Jim und ich haben uns auf einer Beerdigung kennengelernt. Das ist so zwar nicht ganz richtig, macht aber neugierig und ist ein schöner Anfang, und das ist für einen Romanautor viel wichtiger als die Wahrheit. Eigentlich fing unsere Geschichte schon einige Zeit vorher an, als ich mein Manuskript an den Querverlag schickte und eine nette E-Mail erhielt, in der Jim mich um sechs Monate Geduld bat.

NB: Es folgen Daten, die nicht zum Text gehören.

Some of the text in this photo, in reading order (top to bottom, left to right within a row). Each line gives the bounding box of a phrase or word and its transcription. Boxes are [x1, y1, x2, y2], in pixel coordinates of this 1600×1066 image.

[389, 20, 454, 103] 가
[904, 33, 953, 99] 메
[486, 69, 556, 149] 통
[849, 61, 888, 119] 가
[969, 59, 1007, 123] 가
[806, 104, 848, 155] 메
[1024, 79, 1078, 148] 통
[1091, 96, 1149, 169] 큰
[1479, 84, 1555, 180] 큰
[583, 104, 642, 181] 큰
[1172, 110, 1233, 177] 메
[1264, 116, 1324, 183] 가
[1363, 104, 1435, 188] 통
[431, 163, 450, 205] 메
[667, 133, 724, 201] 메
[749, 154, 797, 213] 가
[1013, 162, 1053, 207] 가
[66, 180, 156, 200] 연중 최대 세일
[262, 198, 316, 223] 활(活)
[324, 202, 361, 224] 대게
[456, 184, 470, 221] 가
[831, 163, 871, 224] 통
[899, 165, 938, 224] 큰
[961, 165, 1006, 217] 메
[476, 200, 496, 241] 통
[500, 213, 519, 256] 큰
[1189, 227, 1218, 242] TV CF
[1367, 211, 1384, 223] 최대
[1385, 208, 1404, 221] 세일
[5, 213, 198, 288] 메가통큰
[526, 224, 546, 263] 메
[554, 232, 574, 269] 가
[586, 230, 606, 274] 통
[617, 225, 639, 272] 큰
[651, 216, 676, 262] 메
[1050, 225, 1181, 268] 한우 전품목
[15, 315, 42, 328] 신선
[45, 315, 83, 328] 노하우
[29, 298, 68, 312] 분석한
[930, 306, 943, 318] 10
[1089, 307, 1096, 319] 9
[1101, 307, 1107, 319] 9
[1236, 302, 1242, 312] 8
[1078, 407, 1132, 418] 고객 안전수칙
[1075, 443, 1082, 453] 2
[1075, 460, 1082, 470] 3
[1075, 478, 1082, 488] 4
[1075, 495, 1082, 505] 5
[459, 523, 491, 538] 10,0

Exakt ein halbes Jahr später rief Jim mich an, um mir zu sagen, dass ihm das Buch gut gefallen habe. Er hatte es auf seinem Balkon gelesen, in den letzten schönen Sommertagen des Jahres 2011 und dazu Bier getrunken, und ich dachte: Das ist die perfekte Art, meinen Roman zu lesen. Anschließend hatte er das Buch Ilona gegeben, die es ebenfalls sehr vergnüglich fand. „Sie sagte, sie hätte ein paar Mal gelacht“, meinte Jim dazu, um nach einer kleinen Pause hinzuzufügen: „Und Ilona lacht nie.“

Ein oder zwei Monate später war Jim wegen einer Beisetzung in München und hatte zwischen Trauerfeier und Leichenschmaus Zeit, mit mir über das Buch zu sprechen. Wir trafen uns in einem Café, Jim trug einen schwarzen Anzug und aß einen Salat, und so habe ich von Anfang an ein falsches Bild von ihm bekommen. Es wurde ein sehr angenehmes Treffen, wir haben eine Menge gelacht und uns so gut verstanden, als würden wir uns schon ewig kennen. Jim erzählte mir sogar eine lustige Anekdote über einen lange zurückliegenden One-Night-Stand, die ich prompt in meiner Fortsetzung untergebracht habe (das ist auch der Grund, warum man einem Autor unter keinen Umständen etwas erzählen sollte, was man nicht später irgendwo lesen möchte).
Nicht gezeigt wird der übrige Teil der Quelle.